PROBLEM STATEMENT - Print every record exactly as it appears. Leave the pictures out.

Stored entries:
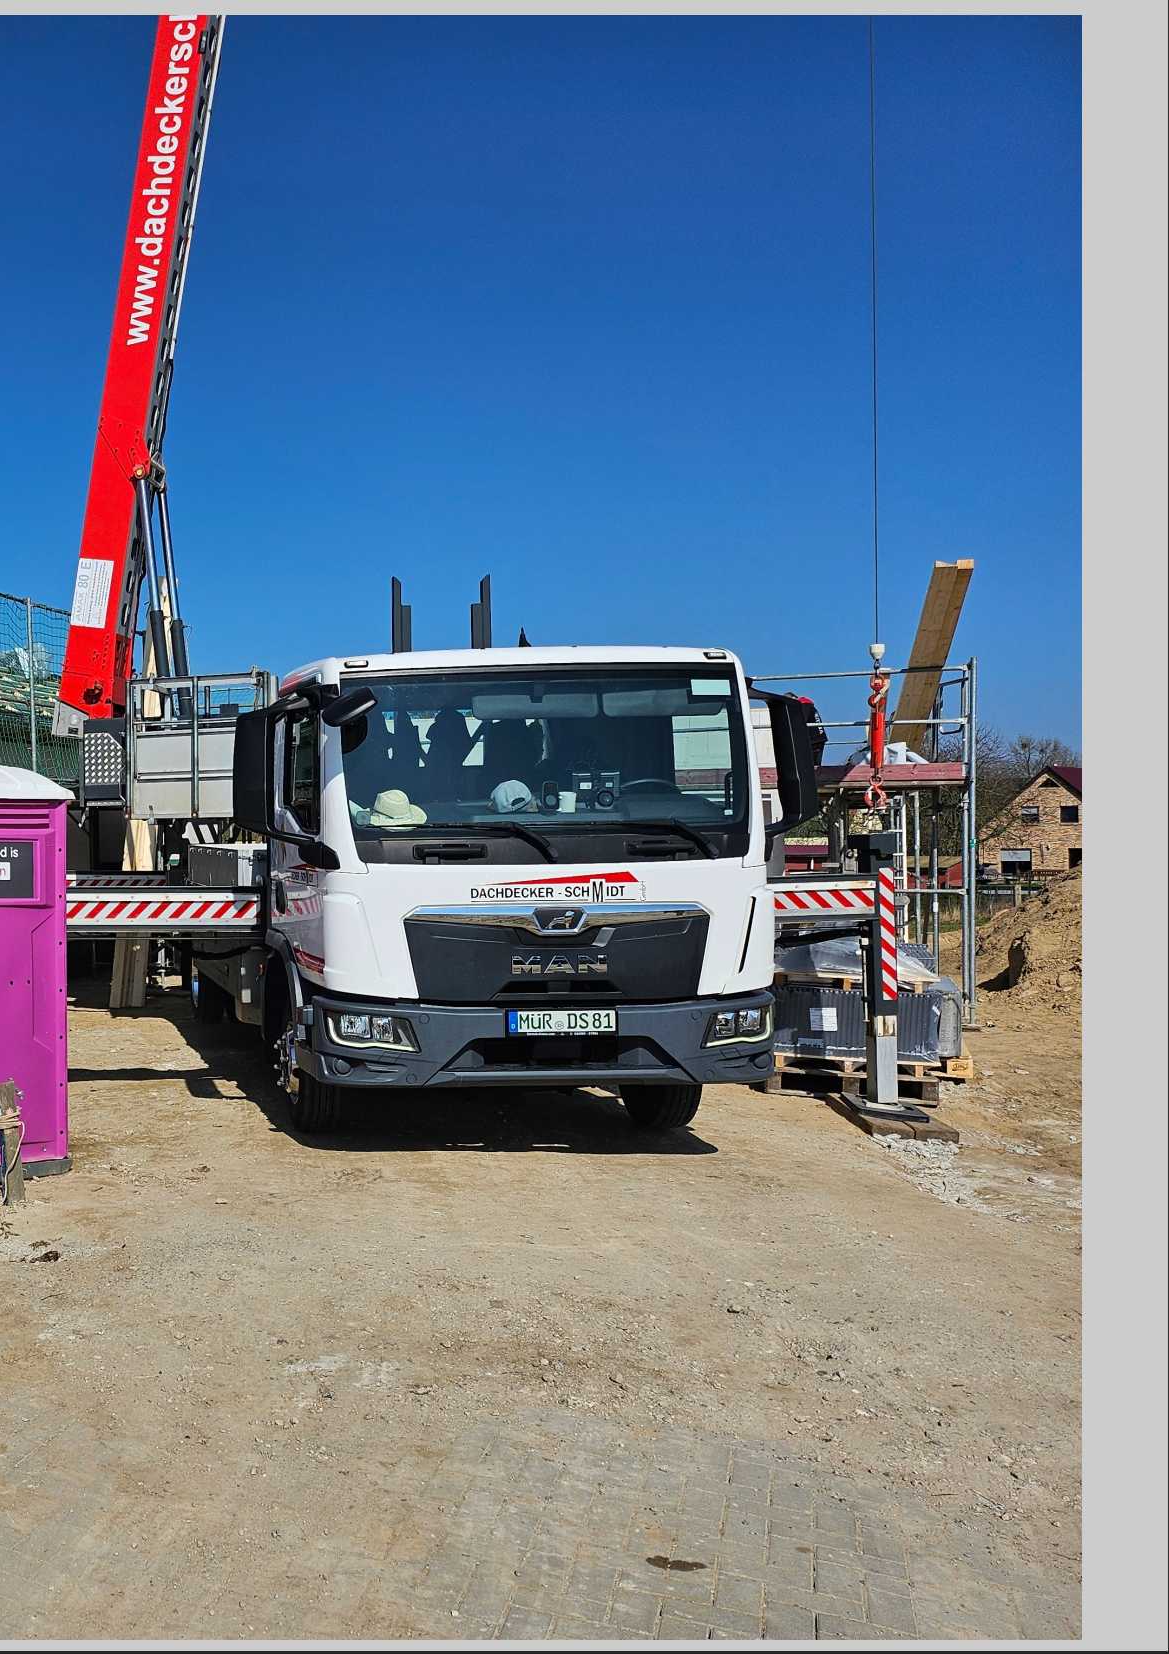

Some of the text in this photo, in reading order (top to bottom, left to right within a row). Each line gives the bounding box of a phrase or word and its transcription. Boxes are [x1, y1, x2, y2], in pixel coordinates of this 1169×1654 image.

[10, 846, 19, 859] is
[470, 887, 554, 899] DACHDECKER
[564, 880, 626, 903] SCHMIDT
[511, 953, 608, 975] MAN
[518, 1012, 553, 1030] MÜR
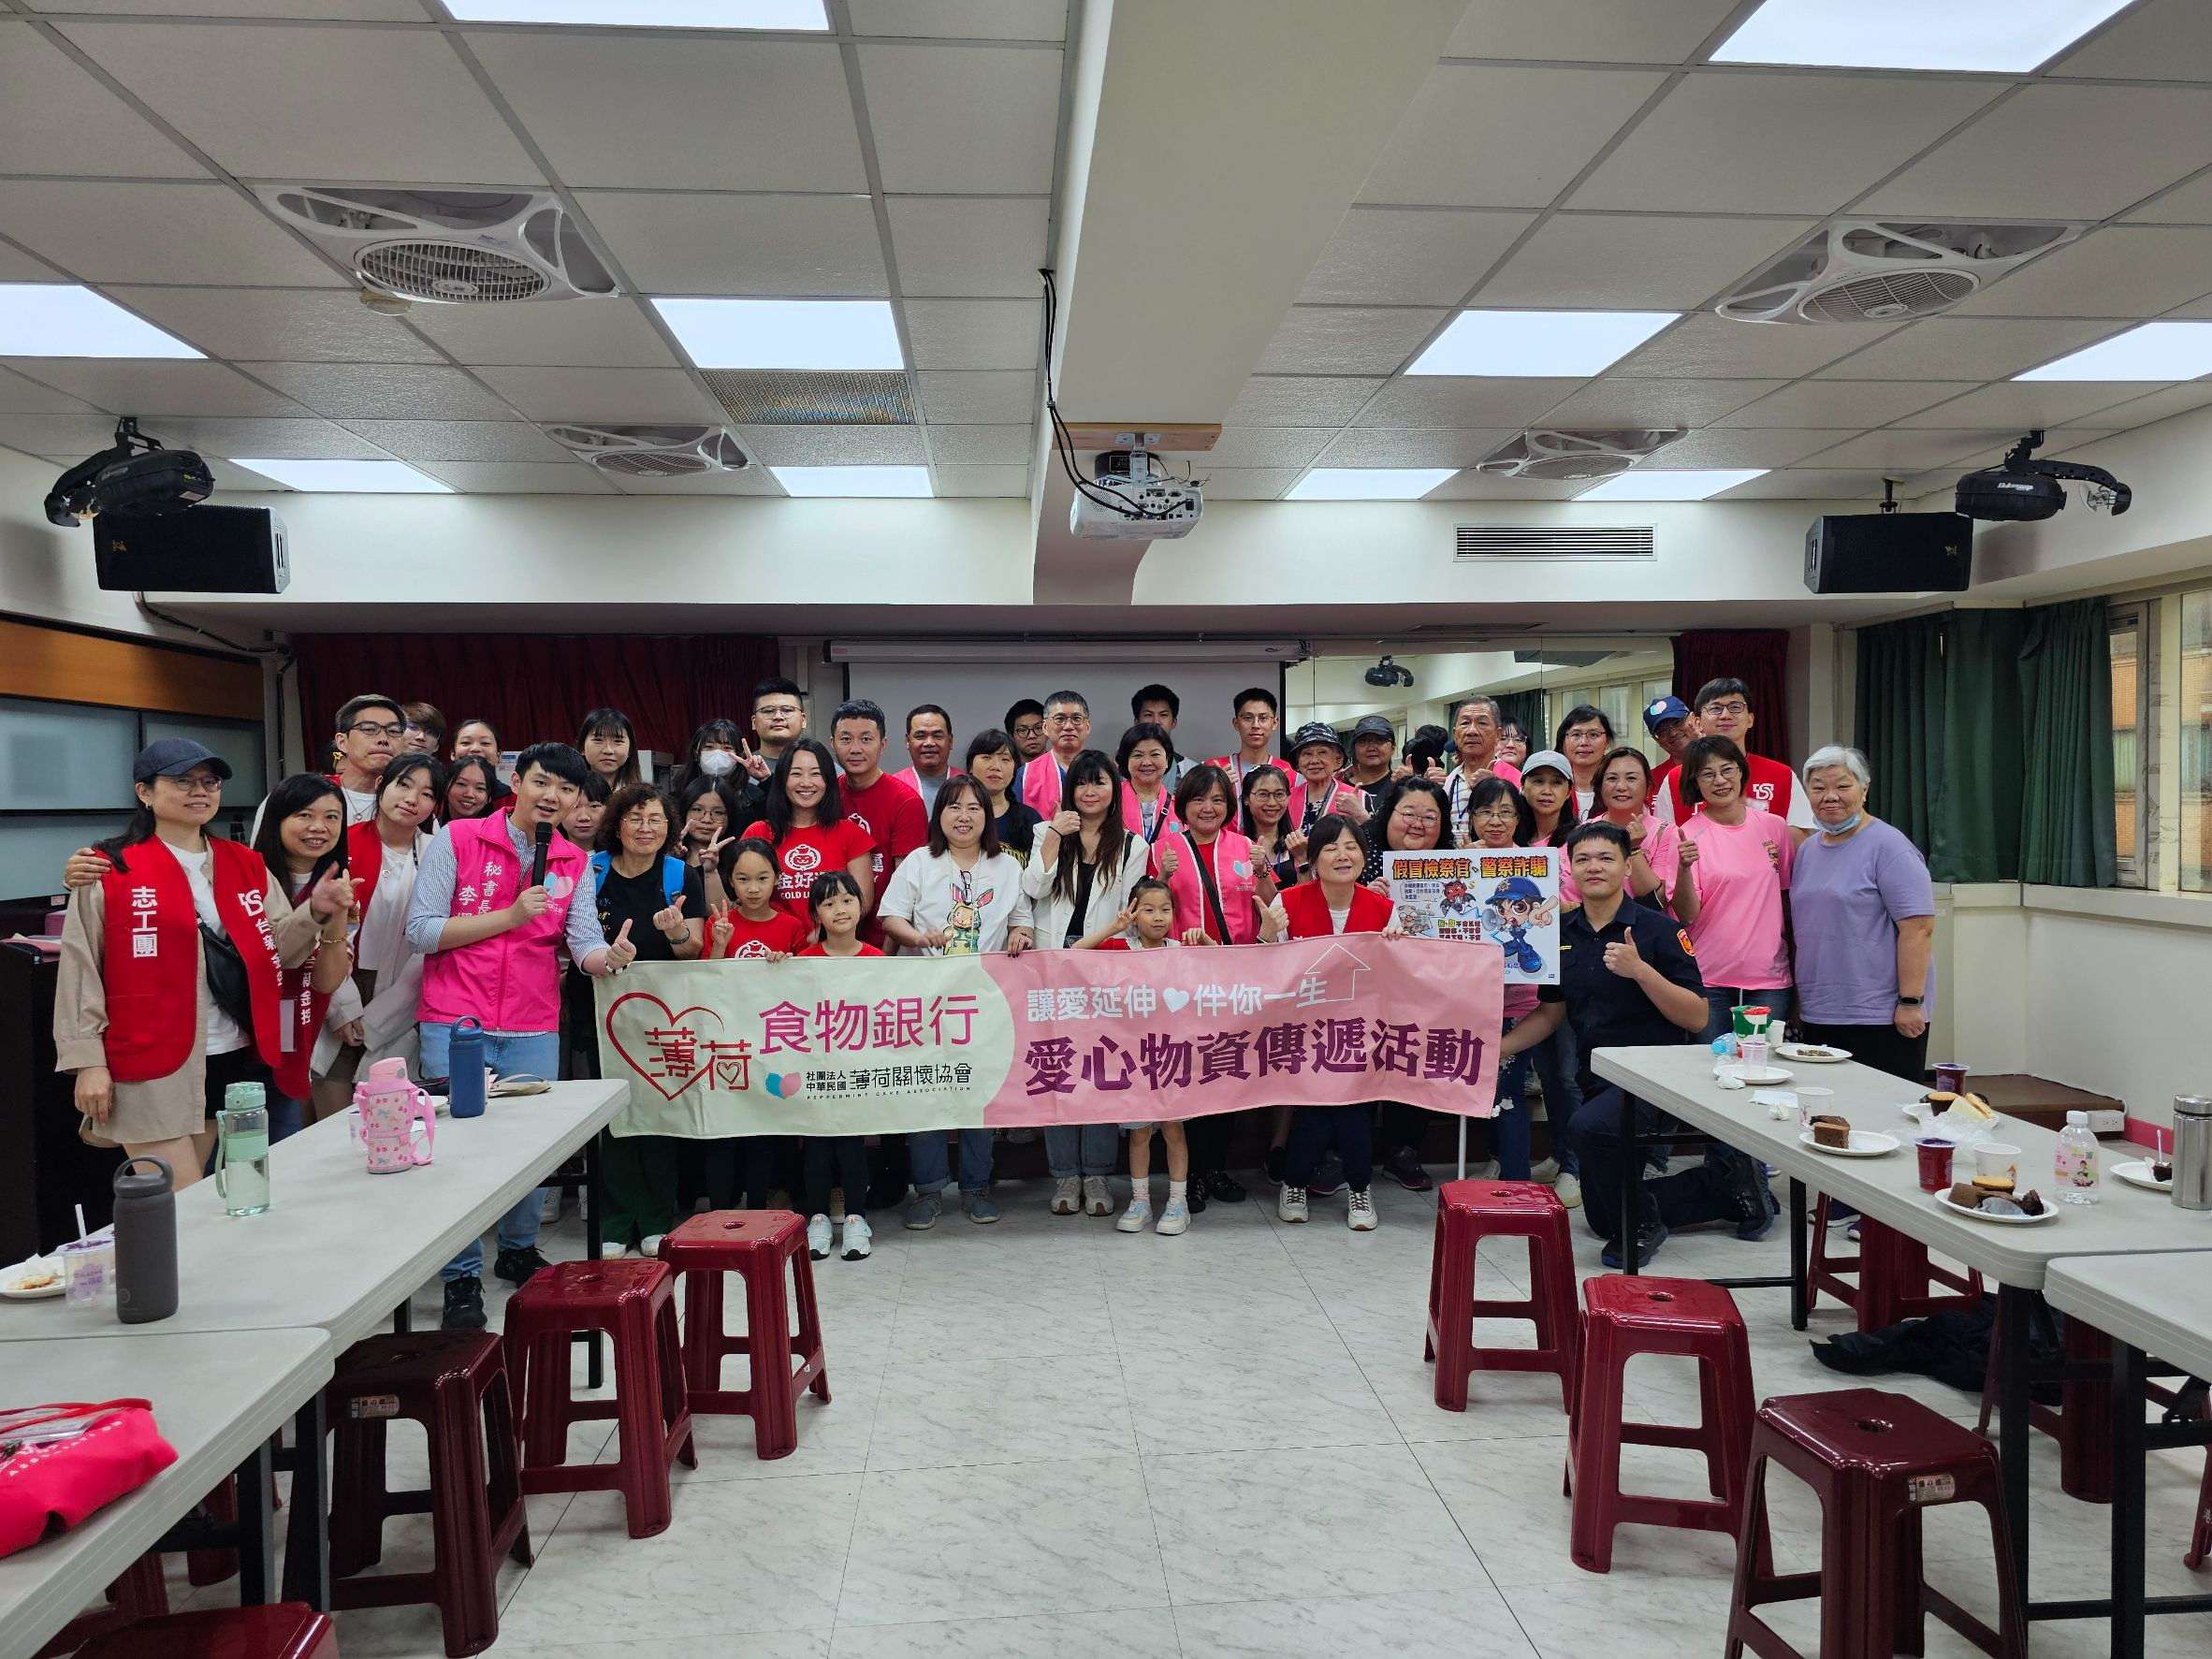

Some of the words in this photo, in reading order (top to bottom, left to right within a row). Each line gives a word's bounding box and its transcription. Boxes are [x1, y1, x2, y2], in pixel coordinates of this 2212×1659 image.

TASK SOLUTION -
Some of the text in this photo, in reading order (top to bottom, left to right within a row). Each line gives the bounding box of a phrase or word and its transcription. Boxes are [x1, y1, x2, y2], in pixel coordinates of this 1169×1654 image.

[10, 846, 19, 859] is
[470, 887, 554, 899] DACHDECKER
[564, 880, 626, 903] SCHMIDT
[511, 953, 608, 975] MAN
[518, 1012, 553, 1030] MÜR

Some of the words in this photo, in reading order (top to bottom, left to right within a row). Each line gives a word's bounding box and its transcription. Boxes are [x1, y1, x2, y2], in pixel coordinates of this 2212×1659 image.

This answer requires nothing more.